ISO is 80. Shutter speed is set to 1/640 (slower than this and the movement will start to show) and the aperture is set for a deep depth of field (I'm trying to keep a potentially forward or backward moving body in focus as much as possible). The camera is reasonably close to the subject so that I can keep the lens as wide angle as I can to let more light in.

That's it. I've done as much as I can to try and balance out brightness and sharpness but am failing slightly on both. The images are being taken into Photoshop, and I'm having to do a reasonable amount of work to totally burn out the white background to achieve a hi-key effect.

Can I do anything more with the kit I've got? am I doing something wrong? should I just accept that that's as good as I can do with what I've got to play with?

Any advice would be greatly appreciated.


----------



## themedicine (Feb 2, 2010)

First off, posting an example or two would be a big help for us trying to help you. 
Secondly, Sounds like you need some back lighting maybe. and I would put the ISO at 100 and keep the shutter speed where it is.
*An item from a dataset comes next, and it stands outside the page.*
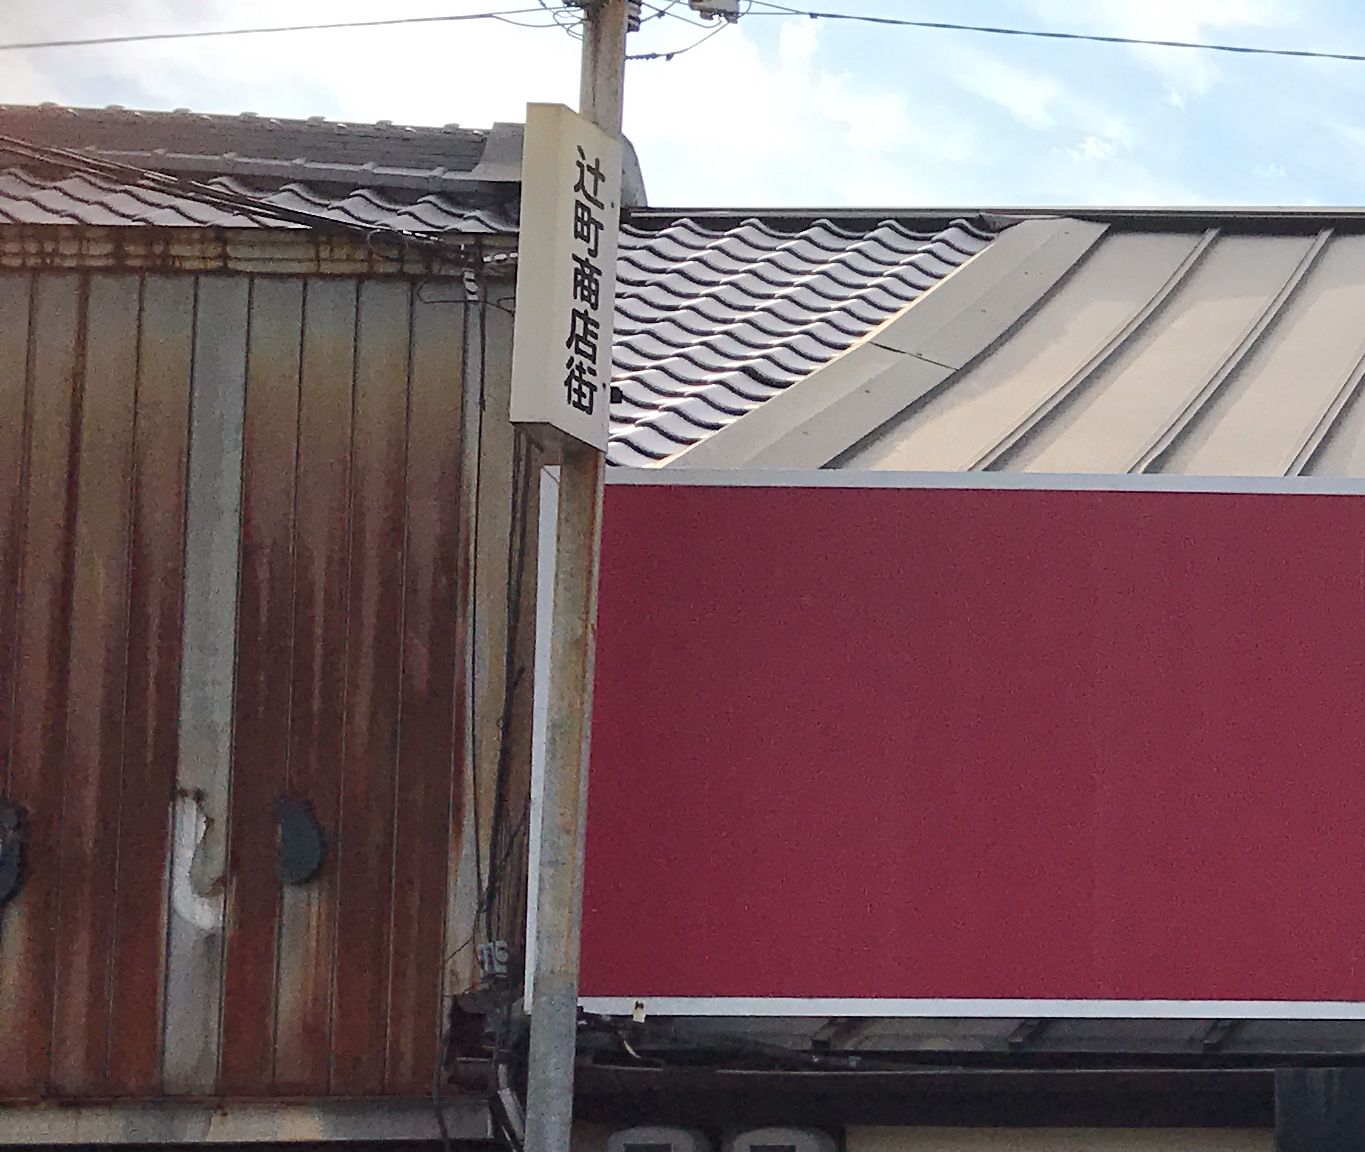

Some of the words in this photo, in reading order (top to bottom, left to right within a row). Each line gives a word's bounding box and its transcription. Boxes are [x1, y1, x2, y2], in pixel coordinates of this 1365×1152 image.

[563, 144, 606, 416] 辻町商店街
Also, Open up your aperture some (may require you to mess with the shutter speed) but aperture is what makes your studio flashes bright or dark. so open up to like a f8 or f11 and see if that doesn't help. You may have to adjust your shutter speed, but probably not much.


----------



## iolair (Feb 2, 2010)

How are you focusing the shots?


----------



## Big Mike (Feb 2, 2010)

To get a background to photograph as white (even white material) you need to add light to it.  Light falls off over distance, so the light that falls on the subject is stronger than the light that falls on the background, from the same light source.

If you use one or two more lights, aimed only at the background, that should give you a nice white background, without having to fudge it in Photoshop.  

Next, you need to realize that flash exposure and ambient exposure are two different things.  Shutter speed does not affect the flash exposure...because the burst of flash is usually much faster than the shutter.  So therefore, the flash should freeze the subject and make them sharp in a photo.  
However, if there is ambient light in the room, that will also register in the photo.  If there is enough ambient exposure and a slow enough shutter, you will get blur.

What I would suggest trying, is to turn down the ambient lights as much as possible.  Then only your flashes will light the scene.  This should make it easier to freeze the movement of your subjects (provided your flash burst is fairly fast...(and that depends on the type, brand, model etc).


----------



## G41.25 (Feb 2, 2010)

Thanks for your replies

I'll upload a couple to show you.

I think backlighting (currently) is out because I only have the 2 flashes to play with.

Opening the aperture reduces the depth of field... right? which is going to adversely affect the focus. I need to keep the depth of field quite 'deep' as the subject has a tendency to move somewhat.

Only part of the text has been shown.